* _INSTRUCTIONS TO FOLLOW_: What is needed is an exact reproduction of the listing, without its pictures.

* _SOURCE DATA_:
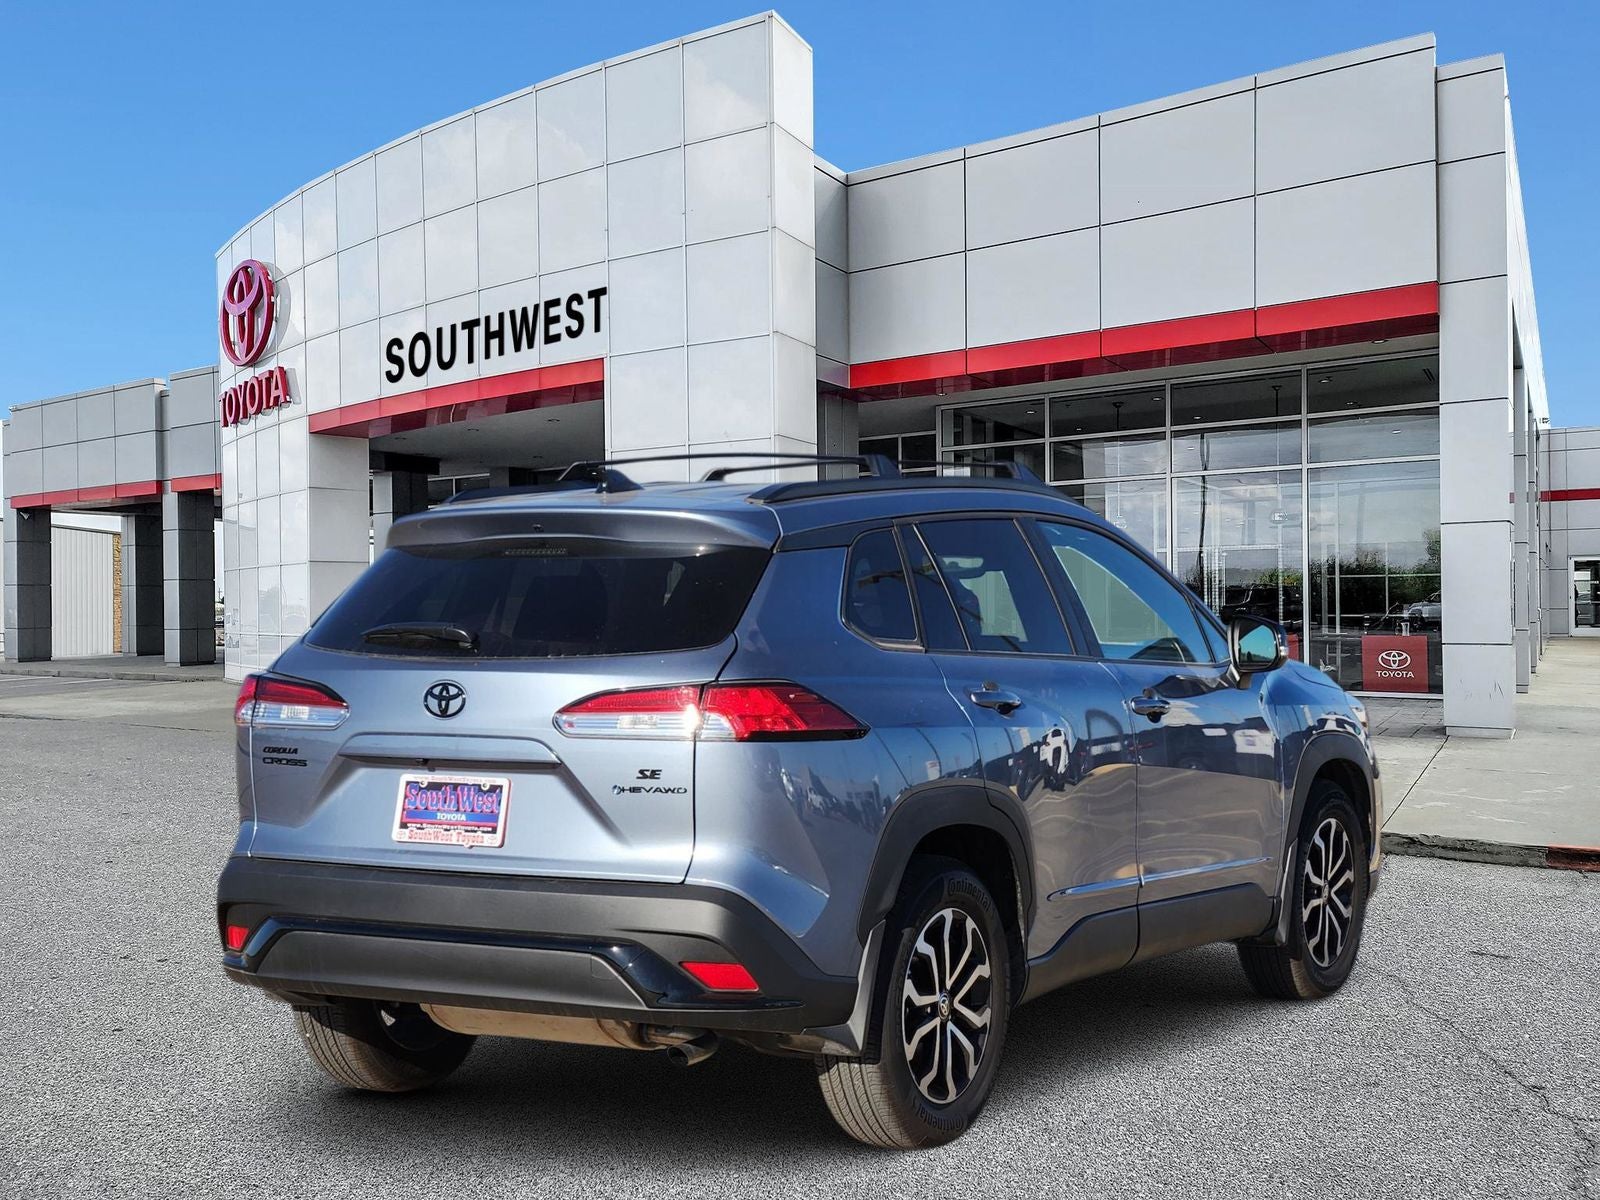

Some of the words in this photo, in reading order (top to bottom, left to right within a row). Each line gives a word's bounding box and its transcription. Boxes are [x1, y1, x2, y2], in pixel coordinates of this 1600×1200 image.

[385, 287, 608, 384] SOUTHWEST
[219, 366, 290, 428] TOYOTA
[1376, 670, 1415, 678] TOYOTA
[263, 746, 298, 755] COROLLA
[262, 757, 307, 767] CROSS
[636, 769, 662, 780] SE
[436, 812, 467, 821] TOYOTA
[456, 832, 485, 845] Toyota
[947, 878, 992, 912] Continental
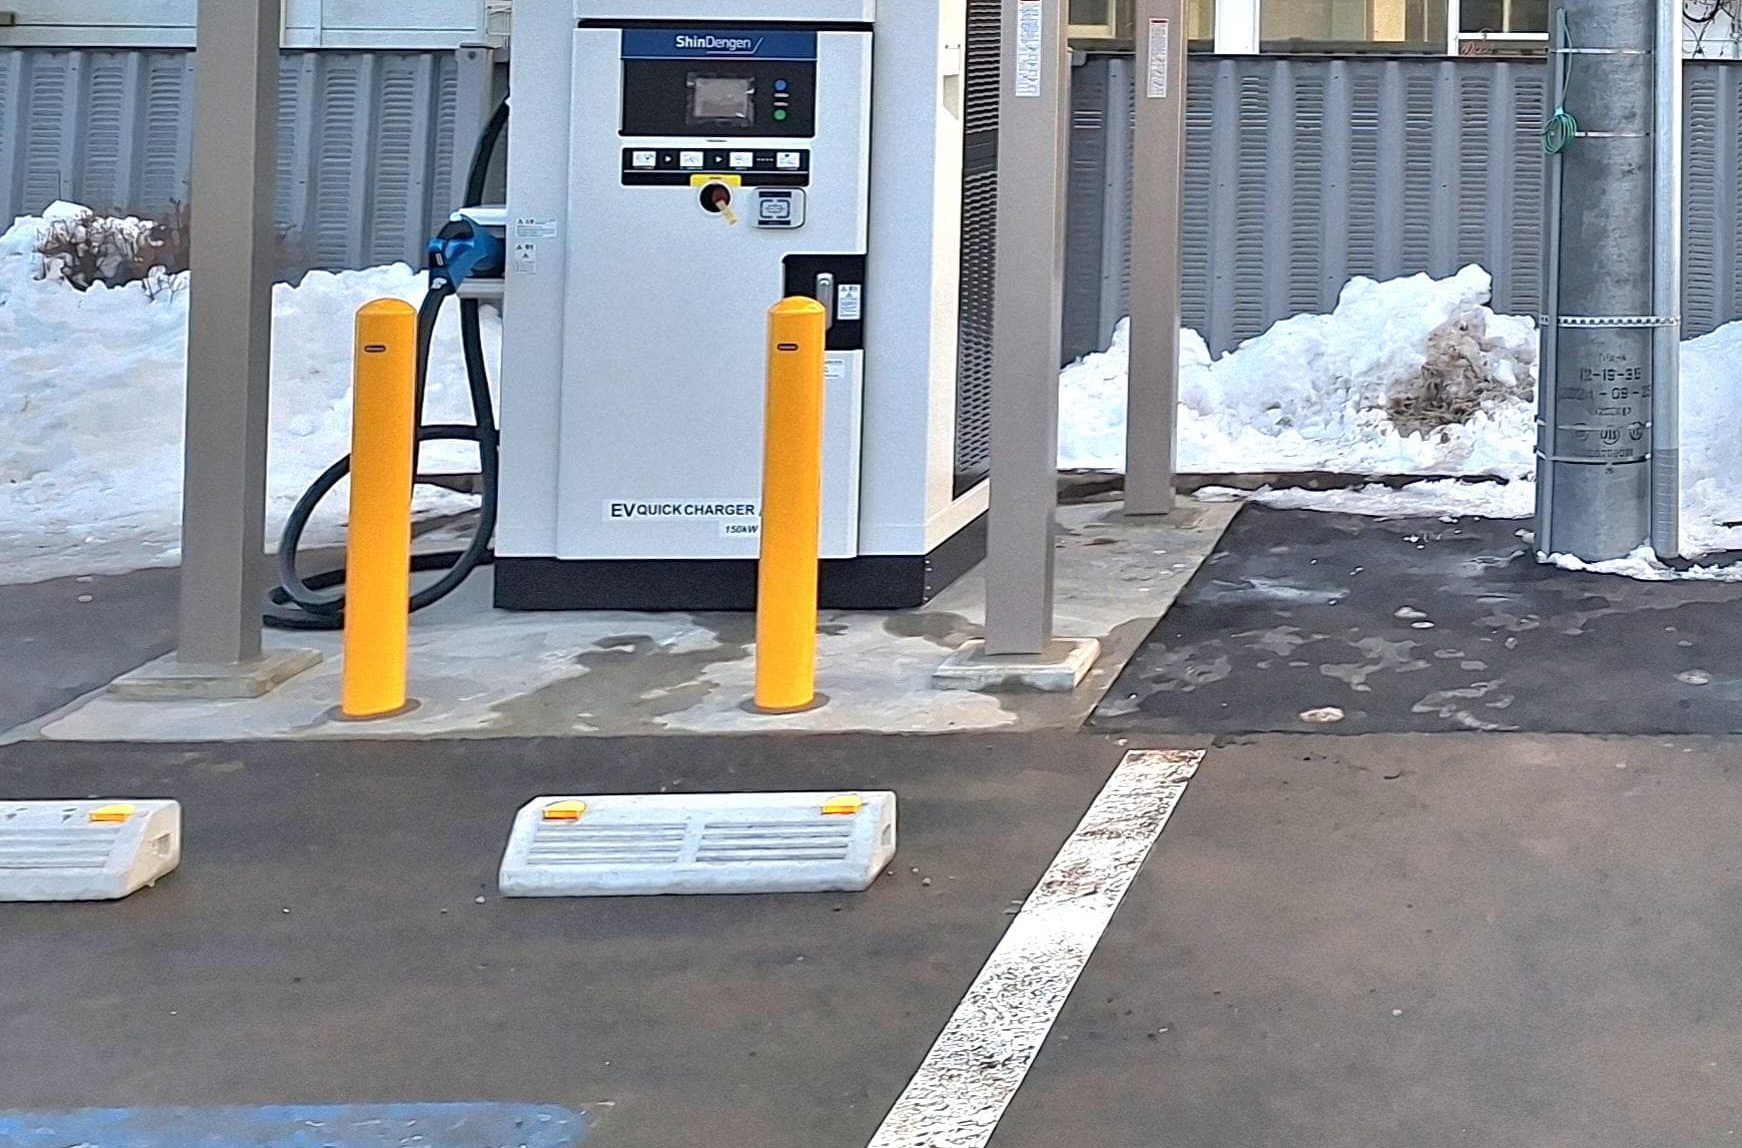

* _RESPONSE BELOW_:
Some of the words in this photo, in reading order (top to bottom, left to right within a row). Each line gives a word's bounding box and its transcription. Boxes are [x1, y1, x2, y2], in pixel coordinates of this 1600×1200 image.

[385, 287, 608, 384] SOUTHWEST
[219, 366, 290, 428] TOYOTA
[1376, 670, 1415, 678] TOYOTA
[263, 746, 298, 755] COROLLA
[262, 757, 307, 767] CROSS
[636, 769, 662, 780] SE
[436, 812, 467, 821] TOYOTA
[456, 832, 485, 845] Toyota
[947, 878, 992, 912] Continental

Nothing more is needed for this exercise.